Saved data entries:
○ ○ ○ ○
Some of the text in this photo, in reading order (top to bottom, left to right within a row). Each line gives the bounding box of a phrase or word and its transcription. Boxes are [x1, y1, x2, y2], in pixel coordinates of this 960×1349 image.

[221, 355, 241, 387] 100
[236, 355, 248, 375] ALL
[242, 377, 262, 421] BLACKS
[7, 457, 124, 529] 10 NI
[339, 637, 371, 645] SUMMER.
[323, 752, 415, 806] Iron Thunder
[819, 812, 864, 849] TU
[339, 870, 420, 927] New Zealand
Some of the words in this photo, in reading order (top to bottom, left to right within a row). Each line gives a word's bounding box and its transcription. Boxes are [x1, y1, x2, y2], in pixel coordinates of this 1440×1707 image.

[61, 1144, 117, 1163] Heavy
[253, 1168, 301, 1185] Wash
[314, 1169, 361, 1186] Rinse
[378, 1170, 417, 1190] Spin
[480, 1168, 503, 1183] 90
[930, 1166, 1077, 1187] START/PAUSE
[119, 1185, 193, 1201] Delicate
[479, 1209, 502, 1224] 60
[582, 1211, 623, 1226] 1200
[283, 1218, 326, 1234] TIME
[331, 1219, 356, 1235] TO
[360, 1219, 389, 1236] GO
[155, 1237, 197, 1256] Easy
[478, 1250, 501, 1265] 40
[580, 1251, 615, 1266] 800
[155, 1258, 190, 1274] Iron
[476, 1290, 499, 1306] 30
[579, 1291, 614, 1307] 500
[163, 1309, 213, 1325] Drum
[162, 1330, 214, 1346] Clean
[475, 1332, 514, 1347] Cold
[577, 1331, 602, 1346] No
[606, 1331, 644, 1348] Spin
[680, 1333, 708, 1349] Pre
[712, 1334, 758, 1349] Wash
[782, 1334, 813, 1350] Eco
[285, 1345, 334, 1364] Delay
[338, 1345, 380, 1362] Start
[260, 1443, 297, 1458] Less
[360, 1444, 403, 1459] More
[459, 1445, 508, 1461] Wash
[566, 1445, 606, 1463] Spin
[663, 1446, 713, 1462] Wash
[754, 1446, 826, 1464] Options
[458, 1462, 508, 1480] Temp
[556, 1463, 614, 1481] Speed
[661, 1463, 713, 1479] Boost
○ ○ ○ ○
→ **EXERCISE**
All records should be returned verbatim, none left out.

→ **SOLUTION FOR THIS TASK**
Some of the text in this photo, in reading order (top to bottom, left to right within a row). Each line gives the bounding box of a phrase or word and its transcription. Boxes are [x1, y1, x2, y2], in pixel coordinates of this 960×1349 image.

[221, 355, 241, 387] 100
[236, 355, 248, 375] ALL
[242, 377, 262, 421] BLACKS
[7, 457, 124, 529] 10 NI
[339, 637, 371, 645] SUMMER.
[323, 752, 415, 806] Iron Thunder
[819, 812, 864, 849] TU
[339, 870, 420, 927] New Zealand
Some of the words in this photo, in reading order (top to bottom, left to right within a row). Each line gives a word's bounding box and its transcription. Boxes are [x1, y1, x2, y2], in pixel coordinates of this 1440×1707 image.

[61, 1144, 117, 1163] Heavy
[253, 1168, 301, 1185] Wash
[314, 1169, 361, 1186] Rinse
[378, 1170, 417, 1190] Spin
[480, 1168, 503, 1183] 90
[930, 1166, 1077, 1187] START/PAUSE
[119, 1185, 193, 1201] Delicate
[479, 1209, 502, 1224] 60
[582, 1211, 623, 1226] 1200
[283, 1218, 326, 1234] TIME
[331, 1219, 356, 1235] TO
[360, 1219, 389, 1236] GO
[155, 1237, 197, 1256] Easy
[478, 1250, 501, 1265] 40
[580, 1251, 615, 1266] 800
[155, 1258, 190, 1274] Iron
[476, 1290, 499, 1306] 30
[579, 1291, 614, 1307] 500
[163, 1309, 213, 1325] Drum
[162, 1330, 214, 1346] Clean
[475, 1332, 514, 1347] Cold
[577, 1331, 602, 1346] No
[606, 1331, 644, 1348] Spin
[680, 1333, 708, 1349] Pre
[712, 1334, 758, 1349] Wash
[782, 1334, 813, 1350] Eco
[285, 1345, 334, 1364] Delay
[338, 1345, 380, 1362] Start
[260, 1443, 297, 1458] Less
[360, 1444, 403, 1459] More
[459, 1445, 508, 1461] Wash
[566, 1445, 606, 1463] Spin
[663, 1446, 713, 1462] Wash
[754, 1446, 826, 1464] Options
[458, 1462, 508, 1480] Temp
[556, 1463, 614, 1481] Speed
[661, 1463, 713, 1479] Boost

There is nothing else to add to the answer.